▶ TASK
Copy every line of the data below exactly as given, except for the pictures.

▶ DATA IN THIS EXERCISE
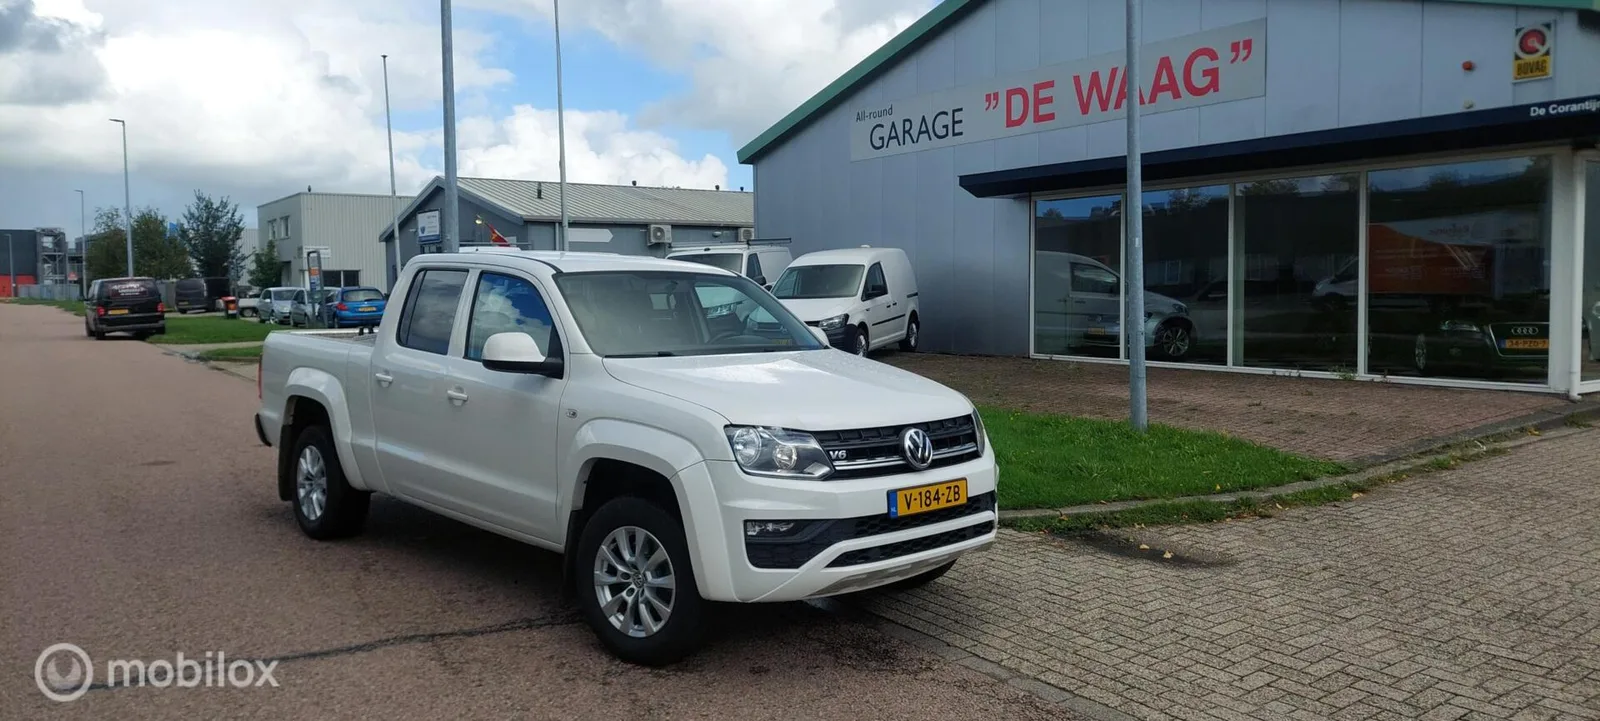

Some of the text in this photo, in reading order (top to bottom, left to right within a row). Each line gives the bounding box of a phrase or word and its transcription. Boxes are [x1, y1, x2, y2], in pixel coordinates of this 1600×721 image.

[1517, 60, 1546, 76] BOVAG
[856, 104, 893, 122] All-round
[1530, 106, 1546, 117] De
[869, 107, 963, 150] GARAGE
[829, 450, 847, 460] V6
[904, 485, 960, 510] V-184-ZB
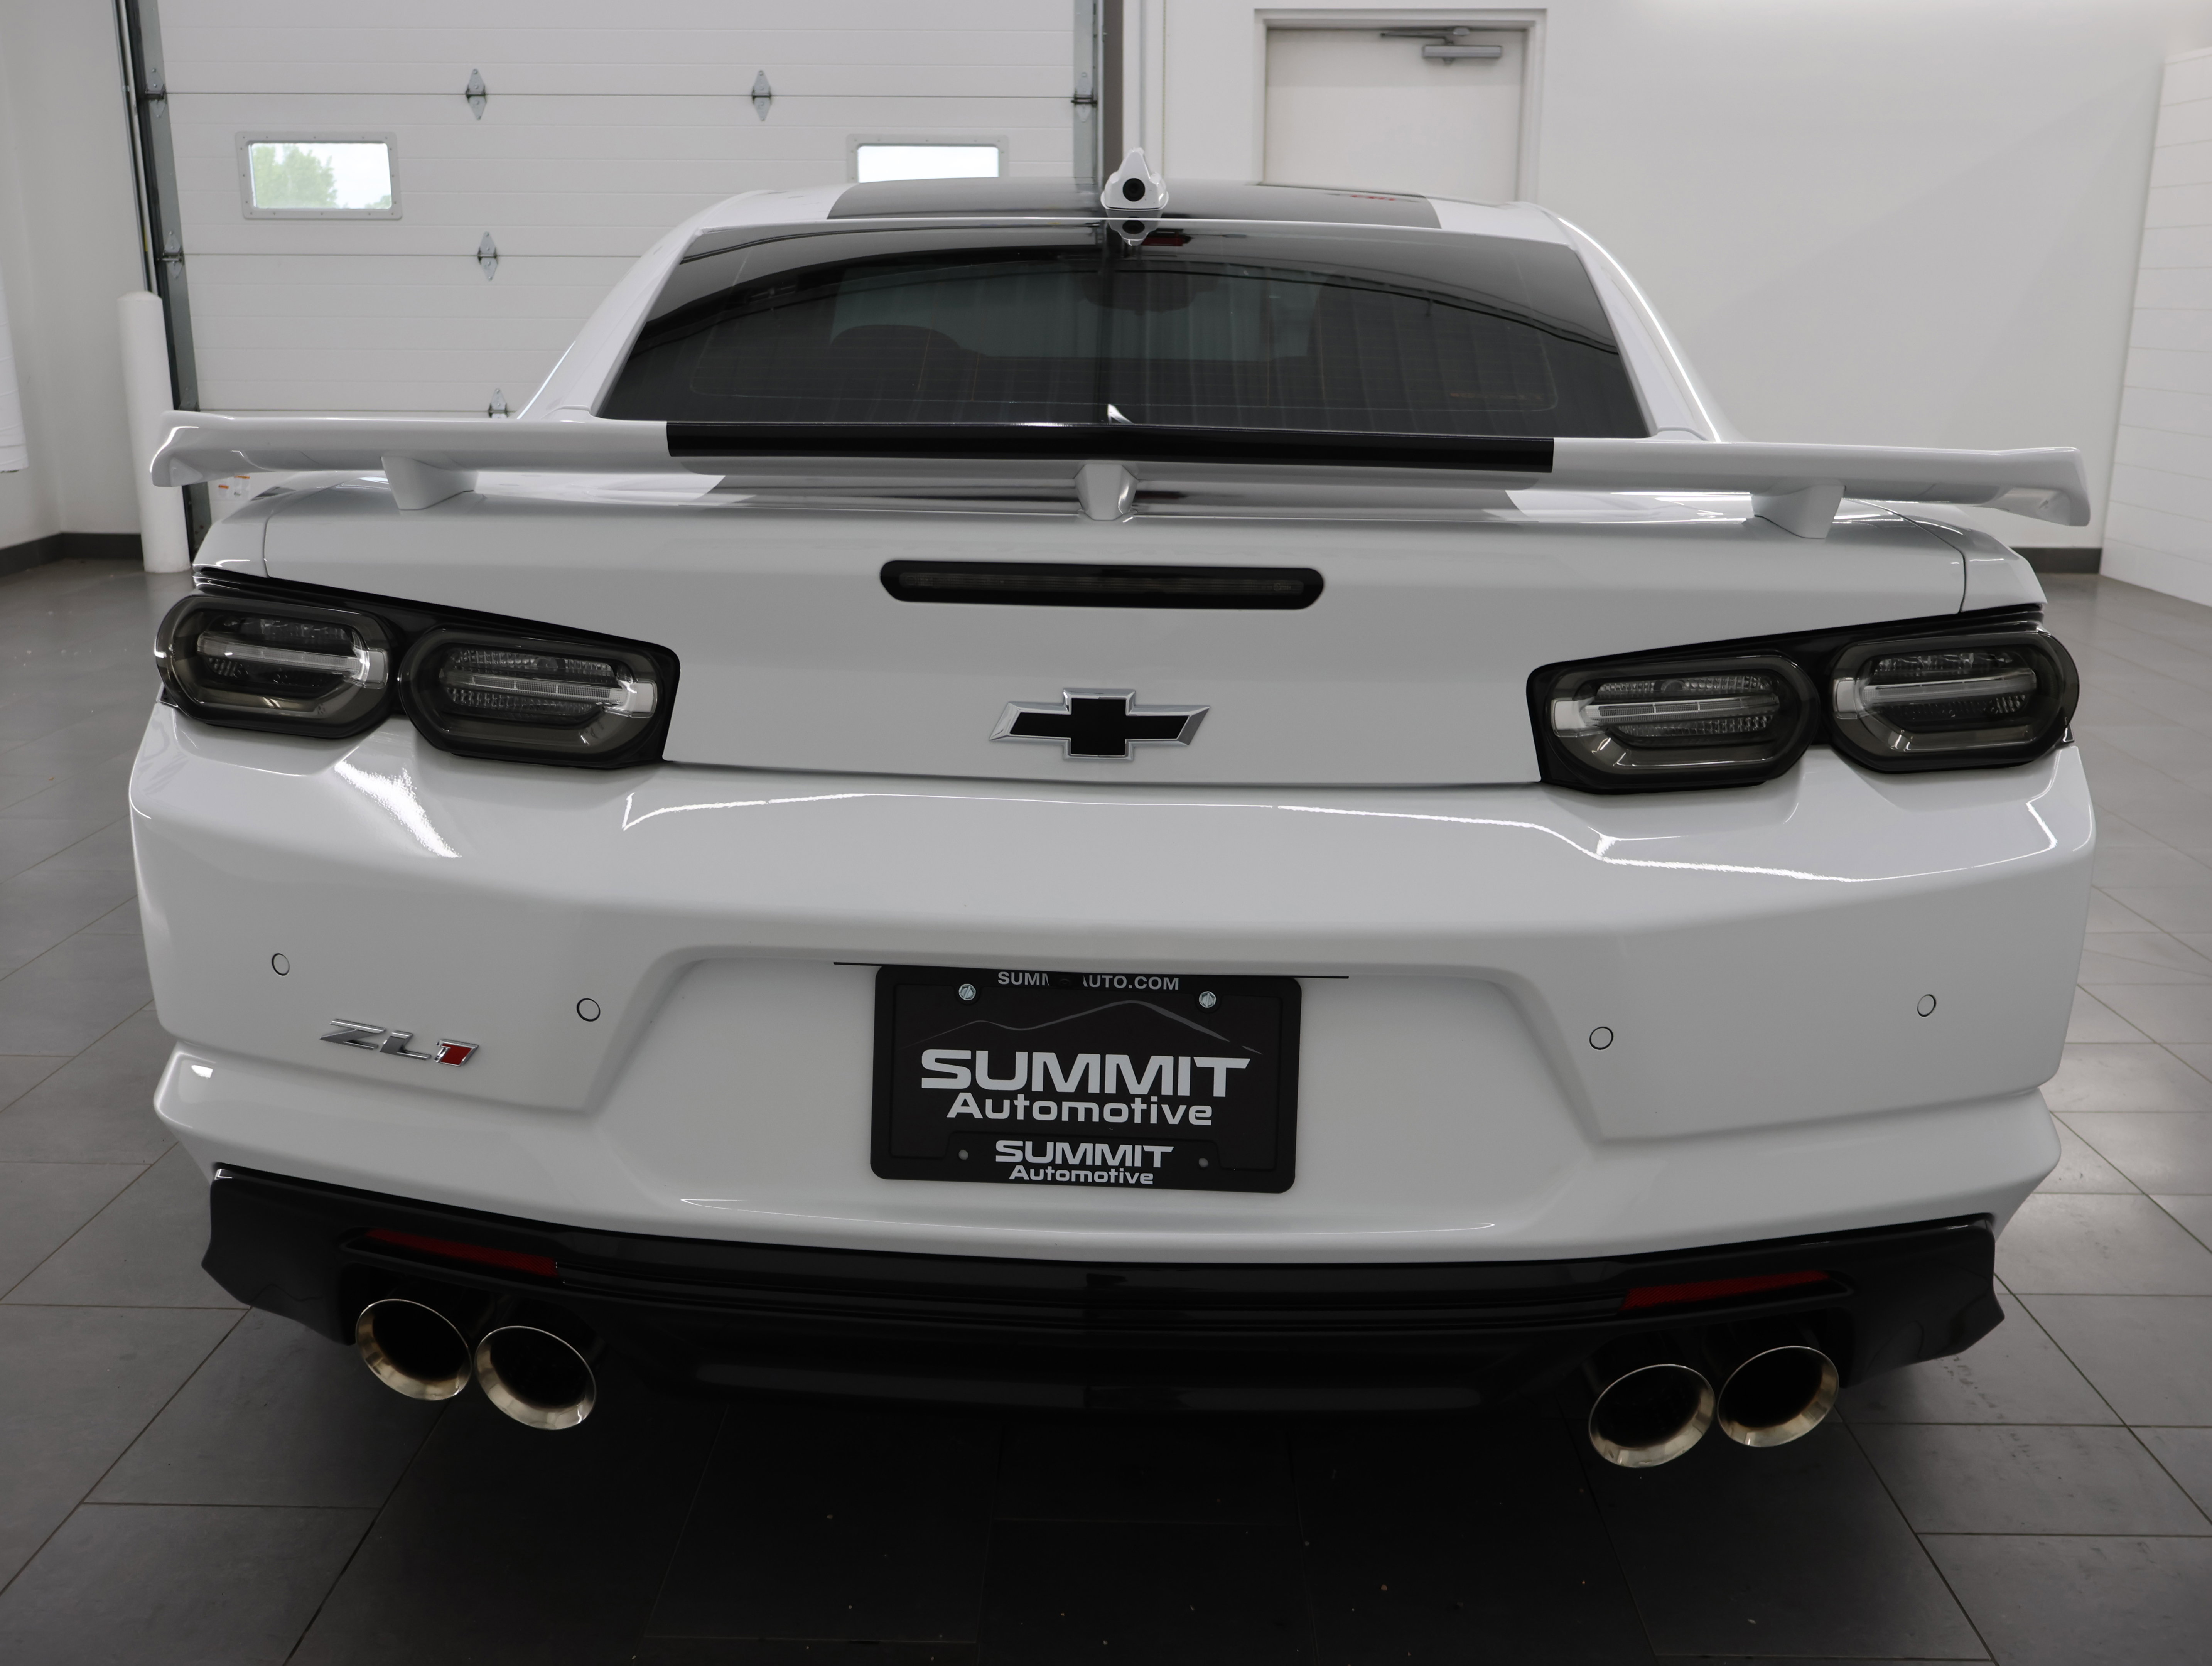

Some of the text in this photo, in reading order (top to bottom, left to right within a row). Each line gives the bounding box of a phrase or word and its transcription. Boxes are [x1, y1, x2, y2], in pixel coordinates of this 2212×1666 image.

[319, 1018, 479, 1067] ZL1
[921, 1049, 1250, 1098] SUMMIT
[947, 1092, 1212, 1126] Automotive
[995, 1140, 1174, 1168] SUMMIT
[1009, 1164, 1153, 1185] Automotive

▶ TASK ANSWER
Some of the text in this photo, in reading order (top to bottom, left to right within a row). Each line gives the bounding box of a phrase or word and its transcription. Boxes are [x1, y1, x2, y2], in pixel coordinates of this 1600×721 image.

[1517, 60, 1546, 76] BOVAG
[856, 104, 893, 122] All-round
[1530, 106, 1546, 117] De
[869, 107, 963, 150] GARAGE
[829, 450, 847, 460] V6
[904, 485, 960, 510] V-184-ZB

Some of the text in this photo, in reading order (top to bottom, left to right within a row). Each line gives the bounding box of a phrase or word and its transcription. Boxes are [x1, y1, x2, y2], in pixel coordinates of this 2212×1666 image.

[319, 1018, 479, 1067] ZL1
[921, 1049, 1250, 1098] SUMMIT
[947, 1092, 1212, 1126] Automotive
[995, 1140, 1174, 1168] SUMMIT
[1009, 1164, 1153, 1185] Automotive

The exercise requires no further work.